-- Opening Marker --

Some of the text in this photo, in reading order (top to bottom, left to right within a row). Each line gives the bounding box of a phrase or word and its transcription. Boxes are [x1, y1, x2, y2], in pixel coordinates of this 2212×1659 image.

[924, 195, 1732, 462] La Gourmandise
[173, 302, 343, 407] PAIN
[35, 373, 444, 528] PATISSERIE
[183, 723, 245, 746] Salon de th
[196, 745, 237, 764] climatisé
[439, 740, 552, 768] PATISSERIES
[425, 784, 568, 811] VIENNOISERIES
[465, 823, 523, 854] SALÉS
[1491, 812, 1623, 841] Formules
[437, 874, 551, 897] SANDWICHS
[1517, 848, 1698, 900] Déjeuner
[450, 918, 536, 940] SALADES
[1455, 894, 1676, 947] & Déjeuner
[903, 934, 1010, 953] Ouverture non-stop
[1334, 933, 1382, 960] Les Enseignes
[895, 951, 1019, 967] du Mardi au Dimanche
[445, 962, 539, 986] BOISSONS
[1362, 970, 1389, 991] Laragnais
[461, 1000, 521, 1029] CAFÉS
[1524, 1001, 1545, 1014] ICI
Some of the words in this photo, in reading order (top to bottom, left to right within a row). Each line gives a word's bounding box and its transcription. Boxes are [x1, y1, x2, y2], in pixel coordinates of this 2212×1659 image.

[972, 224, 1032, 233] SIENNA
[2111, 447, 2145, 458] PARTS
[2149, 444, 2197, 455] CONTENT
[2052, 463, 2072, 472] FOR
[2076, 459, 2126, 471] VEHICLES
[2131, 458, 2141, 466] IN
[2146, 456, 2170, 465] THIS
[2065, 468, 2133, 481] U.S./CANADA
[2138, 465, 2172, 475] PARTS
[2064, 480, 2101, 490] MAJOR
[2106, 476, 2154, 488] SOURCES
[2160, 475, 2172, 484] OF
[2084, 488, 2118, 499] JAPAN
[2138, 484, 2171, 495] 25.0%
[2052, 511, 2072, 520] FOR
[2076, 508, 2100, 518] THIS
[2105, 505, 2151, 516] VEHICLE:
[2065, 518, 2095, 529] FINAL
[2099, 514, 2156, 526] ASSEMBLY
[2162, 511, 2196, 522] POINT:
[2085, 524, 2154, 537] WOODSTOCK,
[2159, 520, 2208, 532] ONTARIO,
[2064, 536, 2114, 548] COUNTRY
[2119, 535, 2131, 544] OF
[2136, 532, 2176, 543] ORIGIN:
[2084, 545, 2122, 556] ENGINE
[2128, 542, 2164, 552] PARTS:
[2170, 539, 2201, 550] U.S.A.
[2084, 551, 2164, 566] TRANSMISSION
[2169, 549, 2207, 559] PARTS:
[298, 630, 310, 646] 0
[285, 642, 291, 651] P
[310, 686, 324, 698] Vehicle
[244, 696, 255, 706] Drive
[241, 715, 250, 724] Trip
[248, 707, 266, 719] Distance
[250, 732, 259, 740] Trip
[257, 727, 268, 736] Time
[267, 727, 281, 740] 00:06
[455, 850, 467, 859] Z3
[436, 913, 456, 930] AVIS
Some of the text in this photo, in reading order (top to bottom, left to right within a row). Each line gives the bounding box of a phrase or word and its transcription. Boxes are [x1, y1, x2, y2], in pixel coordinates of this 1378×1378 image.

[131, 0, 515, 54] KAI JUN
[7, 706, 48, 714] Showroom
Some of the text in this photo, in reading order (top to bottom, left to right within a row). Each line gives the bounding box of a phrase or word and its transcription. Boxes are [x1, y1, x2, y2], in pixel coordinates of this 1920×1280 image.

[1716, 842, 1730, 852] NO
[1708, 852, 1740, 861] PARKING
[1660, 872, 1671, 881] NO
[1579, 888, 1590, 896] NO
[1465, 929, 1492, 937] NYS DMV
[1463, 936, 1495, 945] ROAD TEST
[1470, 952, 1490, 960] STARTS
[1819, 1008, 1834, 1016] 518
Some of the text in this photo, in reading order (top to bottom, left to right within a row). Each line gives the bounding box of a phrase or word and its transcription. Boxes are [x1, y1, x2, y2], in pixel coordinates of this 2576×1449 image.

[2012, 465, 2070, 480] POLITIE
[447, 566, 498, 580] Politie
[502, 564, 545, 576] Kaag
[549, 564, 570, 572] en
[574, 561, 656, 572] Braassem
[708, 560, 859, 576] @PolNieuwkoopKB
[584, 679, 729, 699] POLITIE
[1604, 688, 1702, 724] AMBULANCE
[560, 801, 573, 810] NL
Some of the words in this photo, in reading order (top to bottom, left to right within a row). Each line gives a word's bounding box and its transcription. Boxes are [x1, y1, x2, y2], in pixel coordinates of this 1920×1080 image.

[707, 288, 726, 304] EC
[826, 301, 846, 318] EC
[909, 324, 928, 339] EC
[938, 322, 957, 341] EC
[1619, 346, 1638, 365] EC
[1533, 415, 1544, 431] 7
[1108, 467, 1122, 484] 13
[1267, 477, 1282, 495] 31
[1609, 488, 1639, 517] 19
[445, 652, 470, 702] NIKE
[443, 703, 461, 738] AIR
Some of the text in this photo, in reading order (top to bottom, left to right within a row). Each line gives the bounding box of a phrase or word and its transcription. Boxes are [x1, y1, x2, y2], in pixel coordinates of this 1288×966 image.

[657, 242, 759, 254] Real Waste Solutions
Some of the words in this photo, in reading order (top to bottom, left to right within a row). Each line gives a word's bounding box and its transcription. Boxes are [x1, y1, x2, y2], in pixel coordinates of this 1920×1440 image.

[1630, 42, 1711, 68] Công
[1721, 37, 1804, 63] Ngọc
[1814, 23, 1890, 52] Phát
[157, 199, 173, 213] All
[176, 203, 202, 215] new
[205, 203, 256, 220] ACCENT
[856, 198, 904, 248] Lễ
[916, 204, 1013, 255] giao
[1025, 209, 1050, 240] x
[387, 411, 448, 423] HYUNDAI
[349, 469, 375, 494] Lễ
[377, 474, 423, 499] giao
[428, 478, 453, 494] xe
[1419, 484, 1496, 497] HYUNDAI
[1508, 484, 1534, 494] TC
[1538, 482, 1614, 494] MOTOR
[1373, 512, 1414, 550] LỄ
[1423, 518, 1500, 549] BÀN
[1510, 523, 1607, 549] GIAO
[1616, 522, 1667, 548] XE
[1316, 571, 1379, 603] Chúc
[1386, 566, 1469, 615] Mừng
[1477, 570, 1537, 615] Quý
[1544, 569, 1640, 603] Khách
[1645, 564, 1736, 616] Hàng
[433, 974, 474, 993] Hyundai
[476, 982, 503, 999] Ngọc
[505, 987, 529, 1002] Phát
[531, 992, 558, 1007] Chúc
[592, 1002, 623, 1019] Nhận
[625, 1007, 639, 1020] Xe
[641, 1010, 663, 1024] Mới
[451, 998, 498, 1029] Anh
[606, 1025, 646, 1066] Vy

-- Closing Marker --

_Aim of the exercise_
Return all of the entries exactly as written.

_Solution to this exercise_
Some of the text in this photo, in reading order (top to bottom, left to right within a row). Each line gives the bounding box of a phrase or word and its transcription. Boxes are [x1, y1, x2, y2], in pixel coordinates of this 2212×1659 image.

[924, 195, 1732, 462] La Gourmandise
[173, 302, 343, 407] PAIN
[35, 373, 444, 528] PATISSERIE
[183, 723, 245, 746] Salon de th
[196, 745, 237, 764] climatisé
[439, 740, 552, 768] PATISSERIES
[425, 784, 568, 811] VIENNOISERIES
[465, 823, 523, 854] SALÉS
[1491, 812, 1623, 841] Formules
[437, 874, 551, 897] SANDWICHS
[1517, 848, 1698, 900] Déjeuner
[450, 918, 536, 940] SALADES
[1455, 894, 1676, 947] & Déjeuner
[903, 934, 1010, 953] Ouverture non-stop
[1334, 933, 1382, 960] Les Enseignes
[895, 951, 1019, 967] du Mardi au Dimanche
[445, 962, 539, 986] BOISSONS
[1362, 970, 1389, 991] Laragnais
[461, 1000, 521, 1029] CAFÉS
[1524, 1001, 1545, 1014] ICI
Some of the words in this photo, in reading order (top to bottom, left to right within a row). Each line gives a word's bounding box and its transcription. Boxes are [x1, y1, x2, y2], in pixel coordinates of this 2212×1659 image.

[972, 224, 1032, 233] SIENNA
[2111, 447, 2145, 458] PARTS
[2149, 444, 2197, 455] CONTENT
[2052, 463, 2072, 472] FOR
[2076, 459, 2126, 471] VEHICLES
[2131, 458, 2141, 466] IN
[2146, 456, 2170, 465] THIS
[2065, 468, 2133, 481] U.S./CANADA
[2138, 465, 2172, 475] PARTS
[2064, 480, 2101, 490] MAJOR
[2106, 476, 2154, 488] SOURCES
[2160, 475, 2172, 484] OF
[2084, 488, 2118, 499] JAPAN
[2138, 484, 2171, 495] 25.0%
[2052, 511, 2072, 520] FOR
[2076, 508, 2100, 518] THIS
[2105, 505, 2151, 516] VEHICLE:
[2065, 518, 2095, 529] FINAL
[2099, 514, 2156, 526] ASSEMBLY
[2162, 511, 2196, 522] POINT:
[2085, 524, 2154, 537] WOODSTOCK,
[2159, 520, 2208, 532] ONTARIO,
[2064, 536, 2114, 548] COUNTRY
[2119, 535, 2131, 544] OF
[2136, 532, 2176, 543] ORIGIN:
[2084, 545, 2122, 556] ENGINE
[2128, 542, 2164, 552] PARTS:
[2170, 539, 2201, 550] U.S.A.
[2084, 551, 2164, 566] TRANSMISSION
[2169, 549, 2207, 559] PARTS:
[298, 630, 310, 646] 0
[285, 642, 291, 651] P
[310, 686, 324, 698] Vehicle
[244, 696, 255, 706] Drive
[241, 715, 250, 724] Trip
[248, 707, 266, 719] Distance
[250, 732, 259, 740] Trip
[257, 727, 268, 736] Time
[267, 727, 281, 740] 00:06
[455, 850, 467, 859] Z3
[436, 913, 456, 930] AVIS
Some of the text in this photo, in reading order (top to bottom, left to right within a row). Each line gives the bounding box of a phrase or word and its transcription. Boxes are [x1, y1, x2, y2], in pixel coordinates of this 1378×1378 image.

[131, 0, 515, 54] KAI JUN
[7, 706, 48, 714] Showroom
Some of the text in this photo, in reading order (top to bottom, left to right within a row). Each line gives the bounding box of a phrase or word and its transcription. Boxes are [x1, y1, x2, y2], in pixel coordinates of this 1920×1280 image.

[1716, 842, 1730, 852] NO
[1708, 852, 1740, 861] PARKING
[1660, 872, 1671, 881] NO
[1579, 888, 1590, 896] NO
[1465, 929, 1492, 937] NYS DMV
[1463, 936, 1495, 945] ROAD TEST
[1470, 952, 1490, 960] STARTS
[1819, 1008, 1834, 1016] 518
Some of the text in this photo, in reading order (top to bottom, left to right within a row). Each line gives the bounding box of a phrase or word and its transcription. Boxes are [x1, y1, x2, y2], in pixel coordinates of this 2576×1449 image.

[2012, 465, 2070, 480] POLITIE
[447, 566, 498, 580] Politie
[502, 564, 545, 576] Kaag
[549, 564, 570, 572] en
[574, 561, 656, 572] Braassem
[708, 560, 859, 576] @PolNieuwkoopKB
[584, 679, 729, 699] POLITIE
[1604, 688, 1702, 724] AMBULANCE
[560, 801, 573, 810] NL
Some of the words in this photo, in reading order (top to bottom, left to right within a row). Each line gives a word's bounding box and its transcription. Boxes are [x1, y1, x2, y2], in pixel coordinates of this 1920×1080 image.

[707, 288, 726, 304] EC
[826, 301, 846, 318] EC
[909, 324, 928, 339] EC
[938, 322, 957, 341] EC
[1619, 346, 1638, 365] EC
[1533, 415, 1544, 431] 7
[1108, 467, 1122, 484] 13
[1267, 477, 1282, 495] 31
[1609, 488, 1639, 517] 19
[445, 652, 470, 702] NIKE
[443, 703, 461, 738] AIR
Some of the text in this photo, in reading order (top to bottom, left to right within a row). Each line gives the bounding box of a phrase or word and its transcription. Boxes are [x1, y1, x2, y2], in pixel coordinates of this 1288×966 image.

[657, 242, 759, 254] Real Waste Solutions
Some of the words in this photo, in reading order (top to bottom, left to right within a row). Each line gives a word's bounding box and its transcription. Boxes are [x1, y1, x2, y2], in pixel coordinates of this 1920×1440 image.

[1630, 42, 1711, 68] Công
[1721, 37, 1804, 63] Ngọc
[1814, 23, 1890, 52] Phát
[157, 199, 173, 213] All
[176, 203, 202, 215] new
[205, 203, 256, 220] ACCENT
[856, 198, 904, 248] Lễ
[916, 204, 1013, 255] giao
[1025, 209, 1050, 240] x
[387, 411, 448, 423] HYUNDAI
[349, 469, 375, 494] Lễ
[377, 474, 423, 499] giao
[428, 478, 453, 494] xe
[1419, 484, 1496, 497] HYUNDAI
[1508, 484, 1534, 494] TC
[1538, 482, 1614, 494] MOTOR
[1373, 512, 1414, 550] LỄ
[1423, 518, 1500, 549] BÀN
[1510, 523, 1607, 549] GIAO
[1616, 522, 1667, 548] XE
[1316, 571, 1379, 603] Chúc
[1386, 566, 1469, 615] Mừng
[1477, 570, 1537, 615] Quý
[1544, 569, 1640, 603] Khách
[1645, 564, 1736, 616] Hàng
[433, 974, 474, 993] Hyundai
[476, 982, 503, 999] Ngọc
[505, 987, 529, 1002] Phát
[531, 992, 558, 1007] Chúc
[592, 1002, 623, 1019] Nhận
[625, 1007, 639, 1020] Xe
[641, 1010, 663, 1024] Mới
[451, 998, 498, 1029] Anh
[606, 1025, 646, 1066] Vy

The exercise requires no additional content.